Apache OpenOffice (AOO) Bugzilla – Issue 103308
HTML import mangles non-BMP unicodes
Last modified: 2023-01-03 09:37:09 UTC
The HTML filter uses the 16bit type sal_Unicode for all its text processing needs and so it strips of the most significant bits of unicodes beyond the baseplane. This results in a mangled import.
Created attachment 63344 [details] bugdoc
Fixing the method "sal_Unicode CSS1Parser::GetNextChar()" in sw/source/filter/html/parcss1.cxx is probably a good starting point.
set target
Reset assigne to the default "issues@openoffice.apache.org".

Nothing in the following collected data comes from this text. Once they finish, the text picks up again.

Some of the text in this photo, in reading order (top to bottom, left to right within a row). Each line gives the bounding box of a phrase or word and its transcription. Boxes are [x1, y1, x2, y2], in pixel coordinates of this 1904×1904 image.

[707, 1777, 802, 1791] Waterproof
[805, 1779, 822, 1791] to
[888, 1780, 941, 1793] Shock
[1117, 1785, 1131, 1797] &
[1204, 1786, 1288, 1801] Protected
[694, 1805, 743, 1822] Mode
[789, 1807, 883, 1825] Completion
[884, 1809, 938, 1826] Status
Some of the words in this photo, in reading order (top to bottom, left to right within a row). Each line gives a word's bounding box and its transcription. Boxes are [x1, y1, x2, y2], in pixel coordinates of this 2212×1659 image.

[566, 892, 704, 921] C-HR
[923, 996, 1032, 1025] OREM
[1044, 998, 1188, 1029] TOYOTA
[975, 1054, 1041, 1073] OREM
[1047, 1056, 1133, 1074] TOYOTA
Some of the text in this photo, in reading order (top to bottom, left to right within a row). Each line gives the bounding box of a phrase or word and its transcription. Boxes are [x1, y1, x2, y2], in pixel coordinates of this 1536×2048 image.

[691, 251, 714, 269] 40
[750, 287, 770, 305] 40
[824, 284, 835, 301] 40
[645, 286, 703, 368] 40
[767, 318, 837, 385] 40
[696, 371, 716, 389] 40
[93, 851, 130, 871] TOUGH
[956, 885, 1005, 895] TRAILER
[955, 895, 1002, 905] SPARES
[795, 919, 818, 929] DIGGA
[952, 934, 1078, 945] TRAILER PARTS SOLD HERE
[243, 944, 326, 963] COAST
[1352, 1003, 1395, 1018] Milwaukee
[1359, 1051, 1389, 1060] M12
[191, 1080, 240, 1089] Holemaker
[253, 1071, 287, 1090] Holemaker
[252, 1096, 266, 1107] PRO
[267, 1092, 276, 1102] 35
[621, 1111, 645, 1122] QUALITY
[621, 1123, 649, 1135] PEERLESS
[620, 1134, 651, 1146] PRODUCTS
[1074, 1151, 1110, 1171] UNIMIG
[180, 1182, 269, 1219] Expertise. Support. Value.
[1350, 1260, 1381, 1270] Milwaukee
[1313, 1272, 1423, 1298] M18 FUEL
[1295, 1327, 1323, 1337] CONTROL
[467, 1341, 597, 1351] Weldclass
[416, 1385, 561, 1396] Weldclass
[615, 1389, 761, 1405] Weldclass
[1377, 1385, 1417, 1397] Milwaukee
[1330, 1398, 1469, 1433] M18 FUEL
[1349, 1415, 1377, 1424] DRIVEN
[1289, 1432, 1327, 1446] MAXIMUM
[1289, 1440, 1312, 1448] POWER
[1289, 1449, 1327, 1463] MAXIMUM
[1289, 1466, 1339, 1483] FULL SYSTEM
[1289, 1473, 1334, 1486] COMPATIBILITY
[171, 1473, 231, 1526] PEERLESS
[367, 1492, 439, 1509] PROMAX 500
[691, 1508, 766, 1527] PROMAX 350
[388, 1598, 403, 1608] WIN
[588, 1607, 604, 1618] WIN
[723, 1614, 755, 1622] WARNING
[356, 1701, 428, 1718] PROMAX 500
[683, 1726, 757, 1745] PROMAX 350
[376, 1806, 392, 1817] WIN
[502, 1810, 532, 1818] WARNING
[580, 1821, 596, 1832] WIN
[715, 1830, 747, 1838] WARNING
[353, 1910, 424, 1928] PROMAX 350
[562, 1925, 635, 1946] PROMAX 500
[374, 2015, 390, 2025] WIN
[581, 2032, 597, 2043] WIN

(In reply to hdu@apache.org from comment #2) > Fixing the method "sal_Unicode CSS1Parser::GetNextChar()" in > sw/source/filter/html/parcss1.cxx is > probably a good starting point. Yes but that's just CSS parsing, the remainder of the HTML parsing is in main/svtools/source/svhtml/parhtml.cxx, which, sadly like most of our codebase, also operates one Unicode code unit at a time, retrieved from SvParser::GetNextChar(). The function inline sal_uInt16 GetCharSize() const; got my hopes up, does it tell us the code point size? inline sal_uInt16 SvParser::GetCharSize() const { return (RTL_TEXTENCODING_UCS2 == eSrcEnc) ? 2 : 1; } No, just the bytes per BMP character for the current encoding, a useless statistic. SvParser does not have any functions for code points. We'd have to add them and change a lot of code - not just HTML parsing - to use them.